The response should consist of the data reproduced word for word.

————

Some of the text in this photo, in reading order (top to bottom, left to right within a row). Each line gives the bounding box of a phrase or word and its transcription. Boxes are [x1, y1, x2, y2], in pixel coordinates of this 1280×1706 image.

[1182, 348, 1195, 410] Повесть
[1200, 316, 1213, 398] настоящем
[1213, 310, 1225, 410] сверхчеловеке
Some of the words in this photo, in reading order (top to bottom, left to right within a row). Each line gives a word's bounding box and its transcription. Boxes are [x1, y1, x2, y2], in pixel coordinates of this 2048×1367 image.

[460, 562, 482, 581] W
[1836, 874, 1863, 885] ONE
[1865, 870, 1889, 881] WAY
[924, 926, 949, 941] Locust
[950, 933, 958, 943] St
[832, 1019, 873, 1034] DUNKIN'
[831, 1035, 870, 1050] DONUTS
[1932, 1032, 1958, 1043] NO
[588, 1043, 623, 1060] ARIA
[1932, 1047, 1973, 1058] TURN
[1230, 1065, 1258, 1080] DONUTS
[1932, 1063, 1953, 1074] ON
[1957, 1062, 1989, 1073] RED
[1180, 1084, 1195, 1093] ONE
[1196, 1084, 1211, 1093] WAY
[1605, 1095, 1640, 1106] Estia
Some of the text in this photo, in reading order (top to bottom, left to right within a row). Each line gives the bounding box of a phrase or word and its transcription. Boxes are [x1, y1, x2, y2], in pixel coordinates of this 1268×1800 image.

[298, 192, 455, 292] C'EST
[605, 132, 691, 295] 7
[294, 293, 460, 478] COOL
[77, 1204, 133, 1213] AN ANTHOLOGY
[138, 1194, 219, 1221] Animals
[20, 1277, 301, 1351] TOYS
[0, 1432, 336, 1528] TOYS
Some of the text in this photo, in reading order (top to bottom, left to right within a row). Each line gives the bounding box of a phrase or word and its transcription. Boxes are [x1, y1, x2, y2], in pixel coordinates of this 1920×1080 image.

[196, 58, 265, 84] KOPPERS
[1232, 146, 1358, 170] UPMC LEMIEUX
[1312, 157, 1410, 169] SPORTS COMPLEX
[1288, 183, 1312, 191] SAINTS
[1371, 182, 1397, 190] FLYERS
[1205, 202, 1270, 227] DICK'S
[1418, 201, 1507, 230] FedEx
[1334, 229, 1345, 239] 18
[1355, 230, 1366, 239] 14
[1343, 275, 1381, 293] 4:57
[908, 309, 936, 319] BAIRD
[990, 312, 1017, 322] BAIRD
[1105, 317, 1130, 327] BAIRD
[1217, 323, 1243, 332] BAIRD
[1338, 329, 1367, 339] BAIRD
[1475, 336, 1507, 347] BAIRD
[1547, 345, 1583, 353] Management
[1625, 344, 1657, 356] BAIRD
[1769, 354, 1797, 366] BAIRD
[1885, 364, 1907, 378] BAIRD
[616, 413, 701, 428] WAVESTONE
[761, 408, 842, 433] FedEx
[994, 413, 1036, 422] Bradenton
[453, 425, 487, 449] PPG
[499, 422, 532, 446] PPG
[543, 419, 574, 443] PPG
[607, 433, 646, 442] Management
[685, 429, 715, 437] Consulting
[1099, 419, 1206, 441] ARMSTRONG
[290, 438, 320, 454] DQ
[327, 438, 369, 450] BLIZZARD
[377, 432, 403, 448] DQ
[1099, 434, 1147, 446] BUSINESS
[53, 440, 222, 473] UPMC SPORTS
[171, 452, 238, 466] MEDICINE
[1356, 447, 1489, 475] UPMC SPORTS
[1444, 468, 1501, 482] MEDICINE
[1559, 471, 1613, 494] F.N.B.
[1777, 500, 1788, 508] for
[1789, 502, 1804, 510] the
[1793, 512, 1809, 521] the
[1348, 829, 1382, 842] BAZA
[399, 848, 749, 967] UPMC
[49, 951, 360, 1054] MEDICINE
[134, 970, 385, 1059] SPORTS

————

■ **ANSWER BOX**:
Some of the text in this photo, in reading order (top to bottom, left to right within a row). Each line gives the bounding box of a phrase or word and its transcription. Boxes are [x1, y1, x2, y2], in pixel coordinates of this 1280×1706 image.

[1182, 348, 1195, 410] Повесть
[1200, 316, 1213, 398] настоящем
[1213, 310, 1225, 410] сверхчеловеке
Some of the words in this photo, in reading order (top to bottom, left to right within a row). Each line gives a word's bounding box and its transcription. Boxes are [x1, y1, x2, y2], in pixel coordinates of this 2048×1367 image.

[460, 562, 482, 581] W
[1836, 874, 1863, 885] ONE
[1865, 870, 1889, 881] WAY
[924, 926, 949, 941] Locust
[950, 933, 958, 943] St
[832, 1019, 873, 1034] DUNKIN'
[831, 1035, 870, 1050] DONUTS
[1932, 1032, 1958, 1043] NO
[588, 1043, 623, 1060] ARIA
[1932, 1047, 1973, 1058] TURN
[1230, 1065, 1258, 1080] DONUTS
[1932, 1063, 1953, 1074] ON
[1957, 1062, 1989, 1073] RED
[1180, 1084, 1195, 1093] ONE
[1196, 1084, 1211, 1093] WAY
[1605, 1095, 1640, 1106] Estia
Some of the text in this photo, in reading order (top to bottom, left to right within a row). Each line gives the bounding box of a phrase or word and its transcription. Boxes are [x1, y1, x2, y2], in pixel coordinates of this 1268×1800 image.

[298, 192, 455, 292] C'EST
[605, 132, 691, 295] 7
[294, 293, 460, 478] COOL
[77, 1204, 133, 1213] AN ANTHOLOGY
[138, 1194, 219, 1221] Animals
[20, 1277, 301, 1351] TOYS
[0, 1432, 336, 1528] TOYS
Some of the text in this photo, in reading order (top to bottom, left to right within a row). Each line gives the bounding box of a phrase or word and its transcription. Boxes are [x1, y1, x2, y2], in pixel coordinates of this 1920×1080 image.

[196, 58, 265, 84] KOPPERS
[1232, 146, 1358, 170] UPMC LEMIEUX
[1312, 157, 1410, 169] SPORTS COMPLEX
[1288, 183, 1312, 191] SAINTS
[1371, 182, 1397, 190] FLYERS
[1205, 202, 1270, 227] DICK'S
[1418, 201, 1507, 230] FedEx
[1334, 229, 1345, 239] 18
[1355, 230, 1366, 239] 14
[1343, 275, 1381, 293] 4:57
[908, 309, 936, 319] BAIRD
[990, 312, 1017, 322] BAIRD
[1105, 317, 1130, 327] BAIRD
[1217, 323, 1243, 332] BAIRD
[1338, 329, 1367, 339] BAIRD
[1475, 336, 1507, 347] BAIRD
[1547, 345, 1583, 353] Management
[1625, 344, 1657, 356] BAIRD
[1769, 354, 1797, 366] BAIRD
[1885, 364, 1907, 378] BAIRD
[616, 413, 701, 428] WAVESTONE
[761, 408, 842, 433] FedEx
[994, 413, 1036, 422] Bradenton
[453, 425, 487, 449] PPG
[499, 422, 532, 446] PPG
[543, 419, 574, 443] PPG
[607, 433, 646, 442] Management
[685, 429, 715, 437] Consulting
[1099, 419, 1206, 441] ARMSTRONG
[290, 438, 320, 454] DQ
[327, 438, 369, 450] BLIZZARD
[377, 432, 403, 448] DQ
[1099, 434, 1147, 446] BUSINESS
[53, 440, 222, 473] UPMC SPORTS
[171, 452, 238, 466] MEDICINE
[1356, 447, 1489, 475] UPMC SPORTS
[1444, 468, 1501, 482] MEDICINE
[1559, 471, 1613, 494] F.N.B.
[1777, 500, 1788, 508] for
[1789, 502, 1804, 510] the
[1793, 512, 1809, 521] the
[1348, 829, 1382, 842] BAZA
[399, 848, 749, 967] UPMC
[49, 951, 360, 1054] MEDICINE
[134, 970, 385, 1059] SPORTS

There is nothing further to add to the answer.